\section{The physics of deep-water waves}
% \index{cheese@gouda}
% Would place gouda in the list right next to cheese, as if gouda was actually spelled cheese
Waves contain energy\index{wave}\index{energy!wave}
in two forms: \ind{potential energy}, and \ind{kinetic energy}.
The potential energy is the energy required to move all the water
from the troughs to the crests.
The kinetic energy is associated with the water moving around.
People sometimes assume that when the crest of a wave moves across
an ocean at 30\,miles per hour, the water in that crest must also
be moving at 30\,miles per hour in the same direction. But this isn't so.
It's just like a \ind{Mexican wave}\index{wave!Mexican}.
When the wave rushes round the \ind{stadium},
the humans who are making the wave aren't themselves moving round the stadium:
they just bob up and down a little. The motion of a piece of water
in the ocean is similar: if you focused on a bit of seaweed floating
in the water as waves go by, you'd see that the seaweed moves up and down,
and also a little to and fro in the direction
of travel of the wave -- the exact effect could
be recreated in a Mexican wave if people moved like window-cleaners,
polishing a big piece of glass in a circular motion.
The wave has potential energy because of the elevation of the crests
above the troughs. And it has kinetic energy because of
the small circular bobbing motion of the water.
\marginfig{
\begin{center}
\hspace*{3mm}\begin{tabular}{l}
%\mbox{\ \ \epsfxsize=45mm\epsfbox{../wave/wPowerDen.eps}} \\[0.16in]
\mbox{\epsfxsize=49mm\epsfbox{../wave/wWindSpeed.eps}} \\[0.16in]
\mbox{\epsfxsize=49mm\epsfbox{../wave/wPeriod.eps}} \\[0.16in]
\mbox{\epsfxsize=49mm\epsfbox{../wave/wWavelength.eps}} \\[0.16in]
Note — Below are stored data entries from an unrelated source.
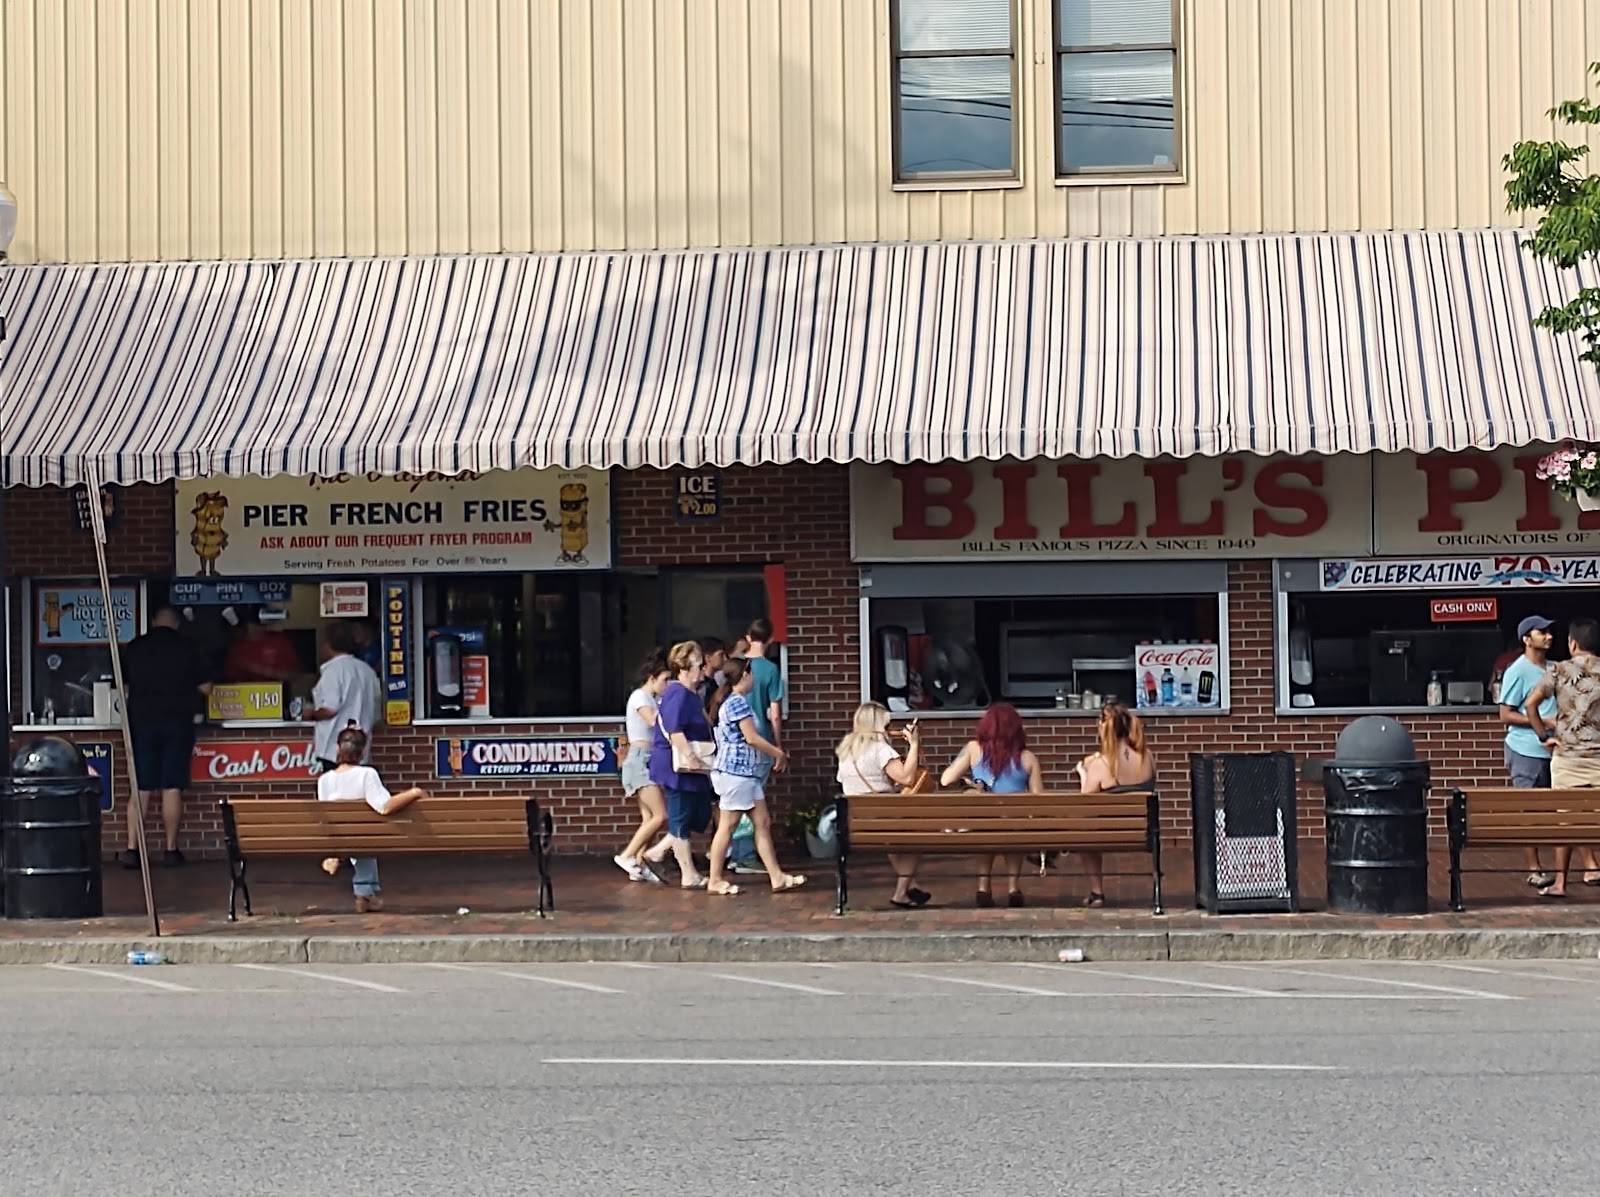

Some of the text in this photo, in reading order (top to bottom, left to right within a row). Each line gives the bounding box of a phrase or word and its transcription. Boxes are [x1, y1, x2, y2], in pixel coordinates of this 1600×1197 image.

[680, 476, 717, 493] ICE
[893, 459, 1329, 540] BILL'S
[243, 499, 547, 527] PIER FRENCH FRIES
[260, 532, 532, 549] ASK ABOUT OUR FREQUENT FRYER PROGRAM
[962, 538, 1255, 552] BILLS FAMOUS PIZZA SINCE 1949
[1437, 532, 1590, 546] ORIGINATORS OF
[284, 560, 323, 570] Serving
[327, 559, 355, 568] Fresh
[361, 557, 406, 568] Potatoes
[412, 557, 429, 566] For
[436, 556, 460, 566] Over
[480, 556, 508, 565] Years
[1351, 562, 1483, 584] CELEBRATING
[1561, 559, 1600, 579] YEA
[175, 582, 287, 593] CUP PINT BOX
[72, 607, 133, 621] HOT DGS
[1434, 602, 1493, 613] CASH ONLY
[472, 741, 606, 763] CONDIMENTS
[208, 743, 323, 778] Cash Only
[480, 763, 598, 774] KETCHUP SALT VINEGAR
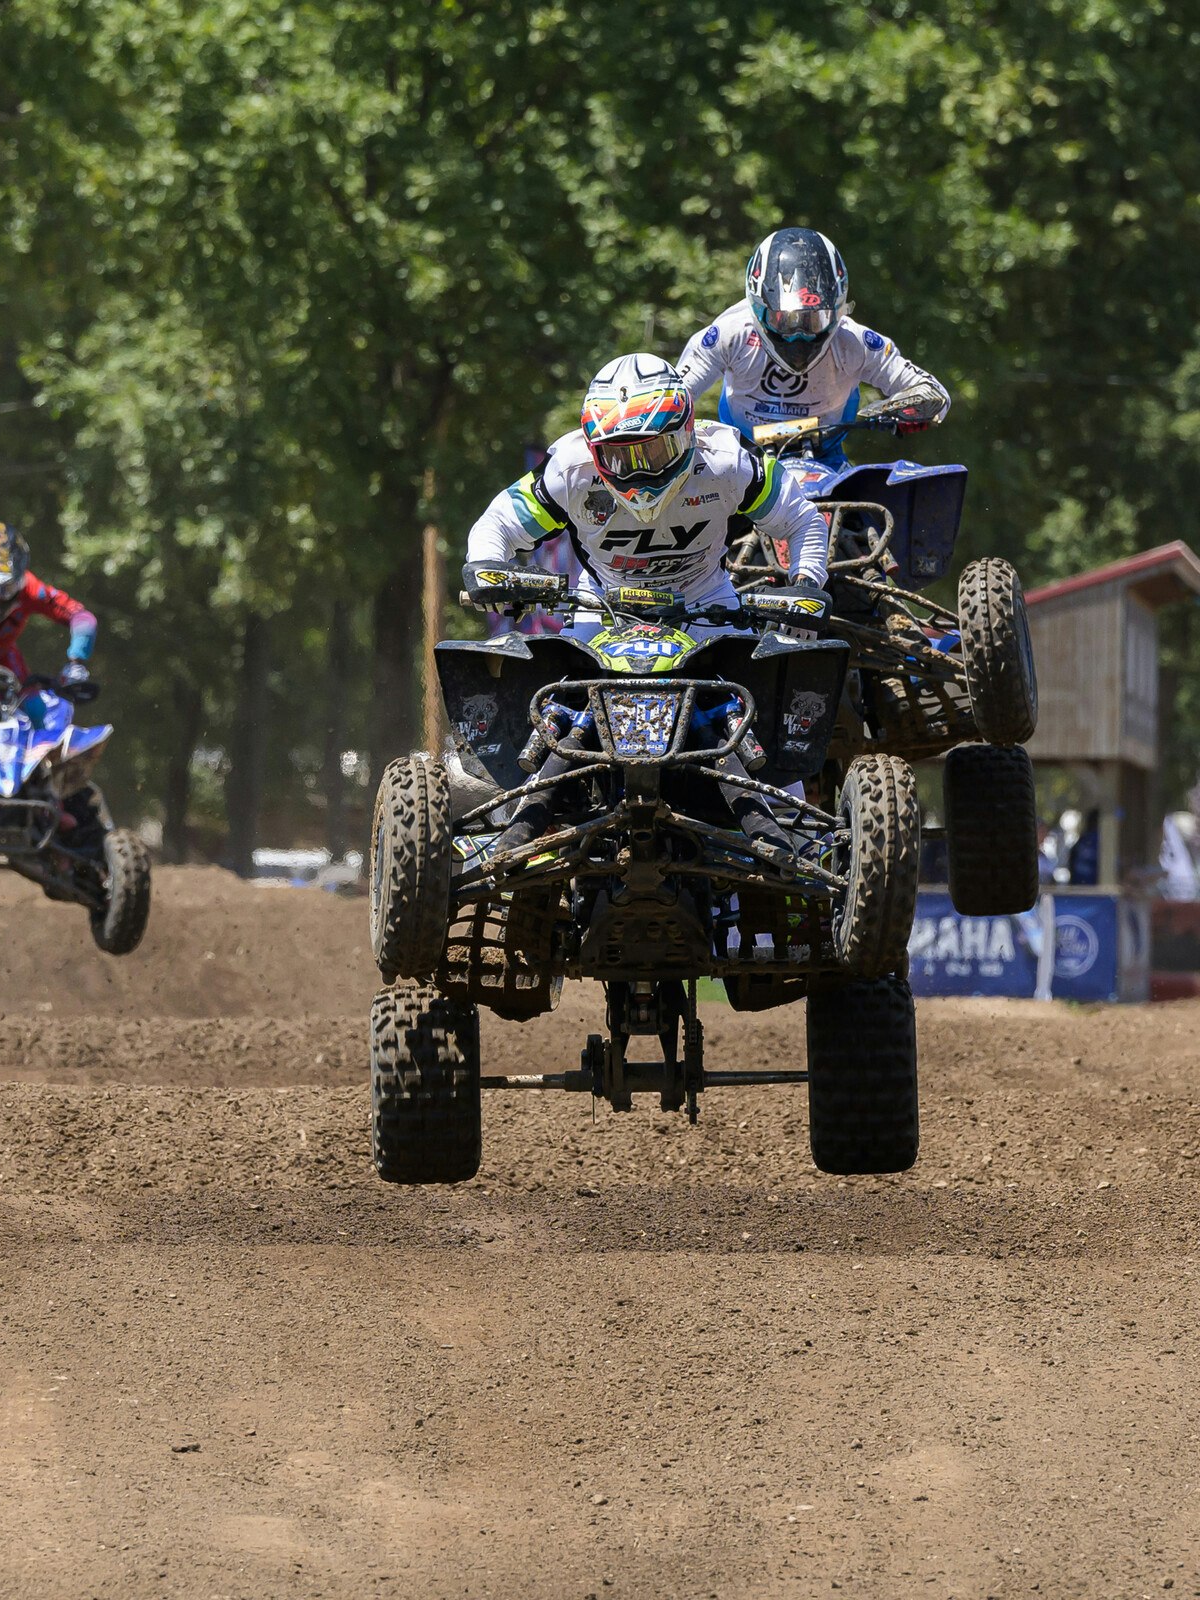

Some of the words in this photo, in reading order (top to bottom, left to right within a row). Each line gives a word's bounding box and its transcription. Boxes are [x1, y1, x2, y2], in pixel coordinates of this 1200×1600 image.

[767, 405, 808, 415] YAMAHA
[618, 418, 642, 431] SHOEI
[681, 495, 706, 507] AMA
[599, 519, 712, 555] FLY
[608, 641, 672, 656] 741
[907, 917, 1015, 961] MAHA
\mbox{\epsfxsize=49mm\epsfbox{../wave/wPower.eps}} \\[0.16in]
\end{tabular}
\end{center}
\caption[a]{
Facts about deep-water waves.\index{wave!deep-water}
In all four figures the horizontal axis is the wave speed in m/s.
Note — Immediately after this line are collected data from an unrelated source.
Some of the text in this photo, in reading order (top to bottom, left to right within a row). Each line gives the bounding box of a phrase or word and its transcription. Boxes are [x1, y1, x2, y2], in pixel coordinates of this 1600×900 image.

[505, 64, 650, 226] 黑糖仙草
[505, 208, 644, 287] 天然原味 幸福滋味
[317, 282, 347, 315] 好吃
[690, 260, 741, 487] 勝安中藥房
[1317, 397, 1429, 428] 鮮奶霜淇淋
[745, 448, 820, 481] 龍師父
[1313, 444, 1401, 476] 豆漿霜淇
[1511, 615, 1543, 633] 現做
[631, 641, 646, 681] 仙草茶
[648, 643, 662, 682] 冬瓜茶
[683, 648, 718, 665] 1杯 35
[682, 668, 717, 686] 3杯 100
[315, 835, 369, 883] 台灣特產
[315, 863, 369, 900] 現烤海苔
From top to bottom the graphs show:
wind speed (in m/s) required to make a wave with this wave speed;
period (in seconds) of a wave;
wavelength (in m) of a wave;
and power density (in kW$\!$/m) of a wave with amplitude 1\,m.
}
\label{fig.waveTheory}
}
%% power density per unit area is 1000 W/m**2 for a wave of
%% speed 7.5 m/s (ie period 5s) made by a force 7 wind.
\begin{figure}
% \figuremargin{
\figuredangle{
\begin{center}
%\mbox{\epsfxsize=3in\epsfbox{../../images/wave.eps}}
\mbox{\epsfbox{metapost/wave.1}}
\end{center}
}{
\caption[a]{A \ind{wave}
% , yesterday. The wave
has energy in two forms:
potential energy associated with raising water out of the
light-shaded troughs into the heavy-shaded crests;
and kinetic energy of all the water within a few wavelengths
of the surface -- the speed of the water is indicated by the small arrows.
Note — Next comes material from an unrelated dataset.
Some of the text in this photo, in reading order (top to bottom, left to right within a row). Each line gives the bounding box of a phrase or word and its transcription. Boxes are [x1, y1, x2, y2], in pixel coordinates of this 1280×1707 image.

The speed of the wave, travelling from left to right, is indicated by
the much bigger arrow at the top.
}\label{waveYesterday}
}
\end{figure}
Our rough calculation of the power in ocean waves will require
three ingredients:
an estimate of the period $T$ of the waves (the time between crests),
an estimate of the height $h$ of the waves,
and a physics formula\index{formula!wave}
that tells us how to work out the speed $v$ of the
wave from its period.
The \ind{wavelength} $\lambda$
and \ind{period} of the \ind{wave}s (the distance and time
respectively between
two adjacent crests) depend on the \ind{speed} of the \ind{wind}
that creates the waves, as shown in \figref{fig.waveTheory}.
The height of the waves doesn't depend on the windspeed; rather, it
depends on how long the wind has been caressing the water surface.
You can estimate the period of ocean waves
by recalling the time between
waves arriving on an ocean \ind{beach}. Is 10 seconds reasonable?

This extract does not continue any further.